Given second chance, doctor instead ‘poured poison’ into community by running pill mill

Hands clutching prison bars
An Alabama doctor was sentenced to 10 years in prision for running a pill mill.

After running afoul of the state licensing board, an Alabama internist had a chance to turn his life around. Instead, he took to running a pill mill and sold drugs to addicted patients, including at least one who died of a methadone overdose just days after receiving a prescription from the doctor.

Robert M. Ritchea, M.D, a 54-year-old doctor who practiced in Phenix City, was sentenced earlier this month to serve 10 years in prison for operating a pill mill through his medical practice and for money laundering, according to a statement from the Middle District of Alabama U.S. Attorney’s Office.

“In exchange for monthly cash payments, Dr. Ritchea poured poison into his community,” said acting U.S. Attorney A. Clark Morris.

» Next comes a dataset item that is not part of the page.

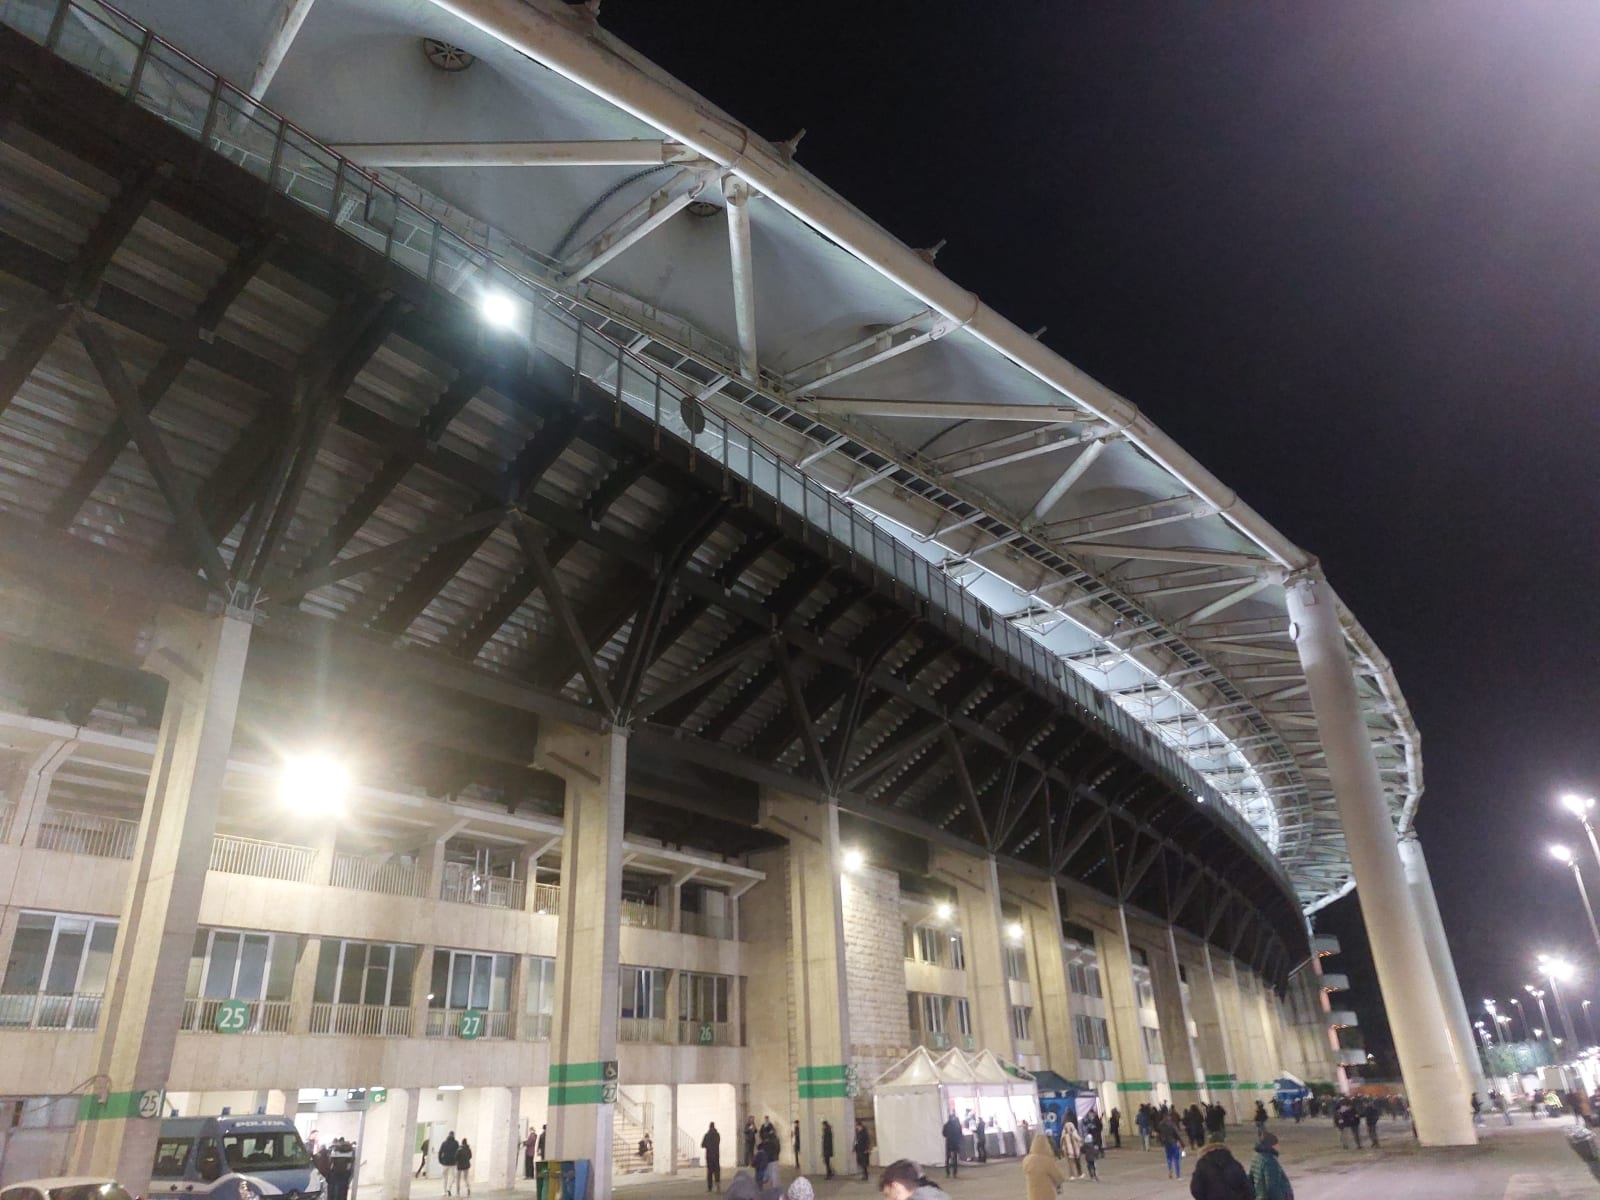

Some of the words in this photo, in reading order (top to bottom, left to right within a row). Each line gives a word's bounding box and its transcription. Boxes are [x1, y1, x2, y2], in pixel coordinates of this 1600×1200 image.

[220, 1007, 245, 1028] 25
[463, 1017, 480, 1035] 27
[700, 1026, 712, 1041] 26
[141, 1095, 157, 1112] 25

At his sentencing, former patients testified that they made cash payments to Ritchea of at least $150 each month in exchange for office visits at his family medical practice and prescriptions to maintain their drug addiction. Prosecutors said he wrote prescriptions for controlled substances, including oxycodone, hydrocodone, methadone and hydromorphone, knowing that his patients did not actually need the drugs prescribed. He then laundered the proceeds of his drug dealing to essentially run his own pharmacy, buying hydromorphone and hydrocodone directly from a drug manufacturer and distributing the pills from his medical practice, prosecutors said.

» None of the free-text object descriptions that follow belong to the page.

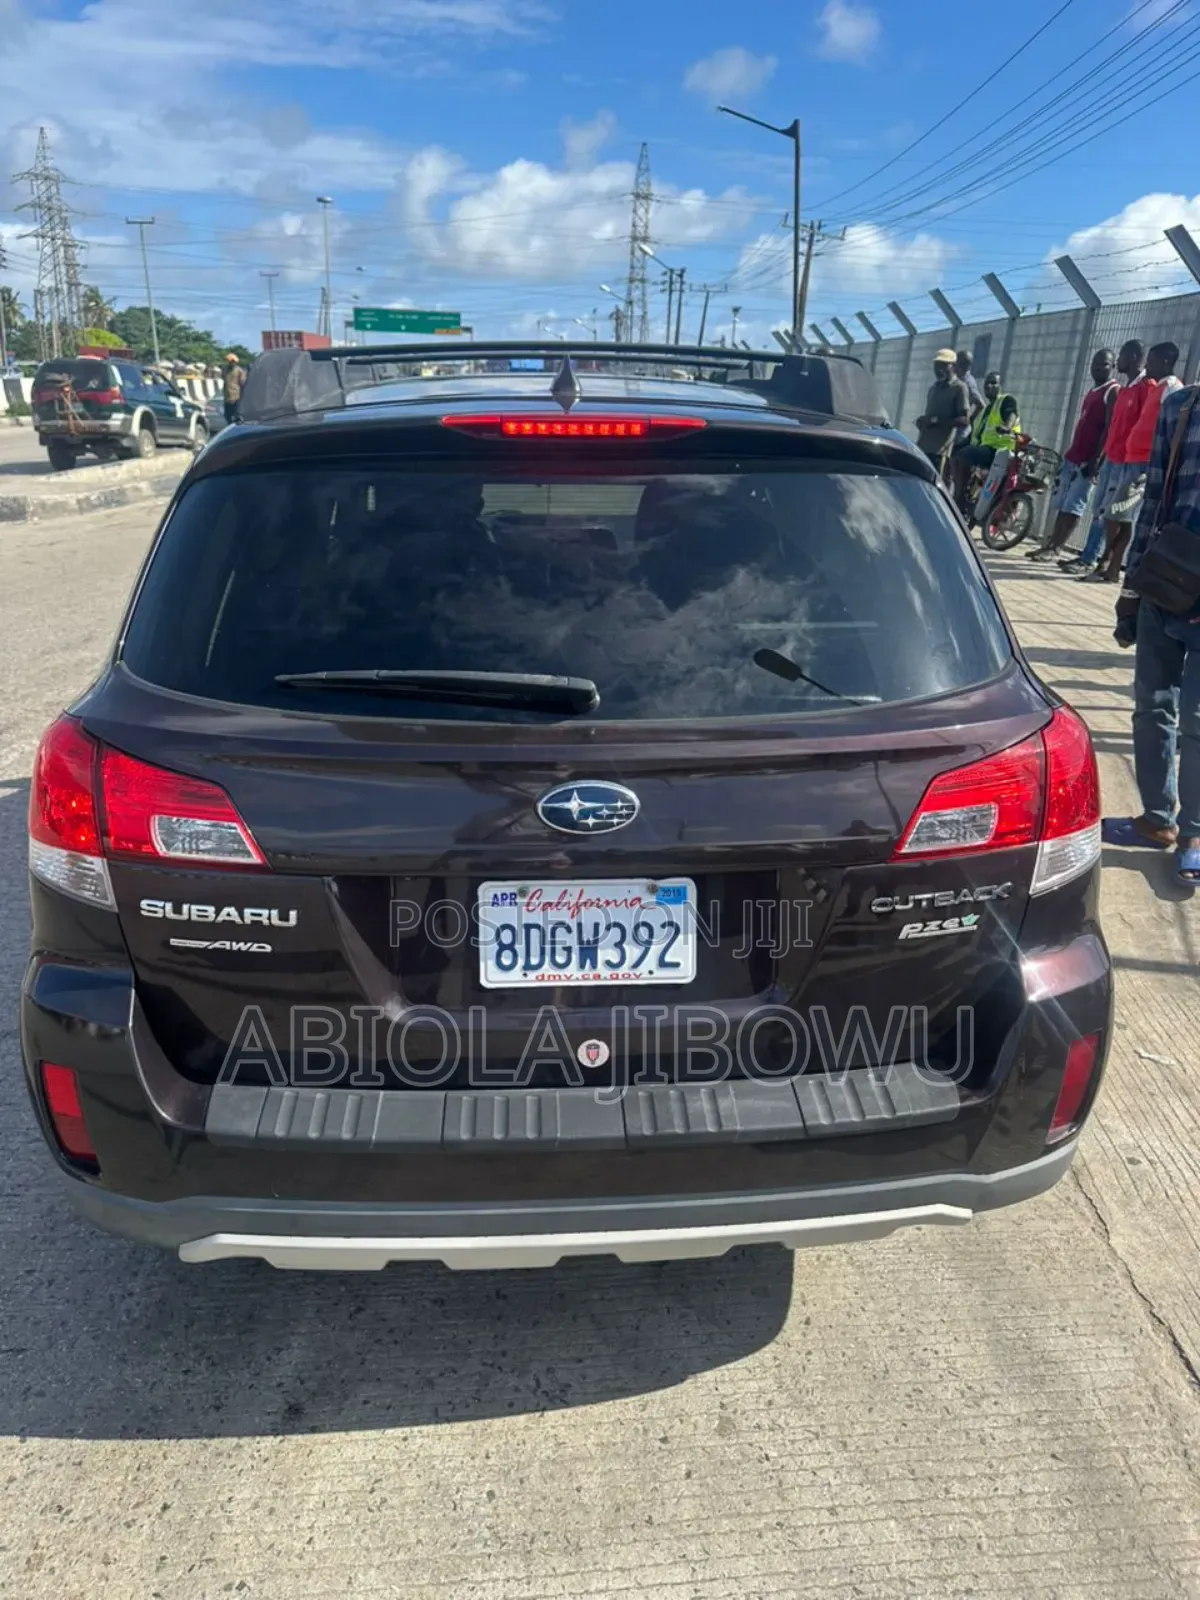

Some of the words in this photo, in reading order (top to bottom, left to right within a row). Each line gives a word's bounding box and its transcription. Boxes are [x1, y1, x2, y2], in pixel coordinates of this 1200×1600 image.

[491, 892, 518, 907] APR
[524, 888, 656, 919] California
[871, 881, 1013, 913] OUTBACK
[140, 899, 298, 927] SUBARU
[208, 940, 272, 952] AWD
[494, 920, 682, 971] 8DGW392
[535, 971, 643, 982] dmv.ca.gov

The sentencing brought to a close a doctor’s troubled history. Ritchea had faced a complaint in 2010 for submitting over $2.2 million in false claims to Medicare when he billed the federal agency for pain injections administered by an unlicensed medical assistant. Ritchea had been reprimanded by the Medical Licensure Commission of Alabama in 2008 for allowing that unlicensed medical assistant to treat patients, but after he complied with conditions, he was given a full unrestricted license to practice in 2011, according to a Medscape report. Instead of taking advantage of that fresh start, he began writing those prescriptions for addicted patients.

When he imposed the sentence, Judge W. Keith Watkins told Ritchea that his conduct was not far removed from that of a drug dealer operating on a street corner.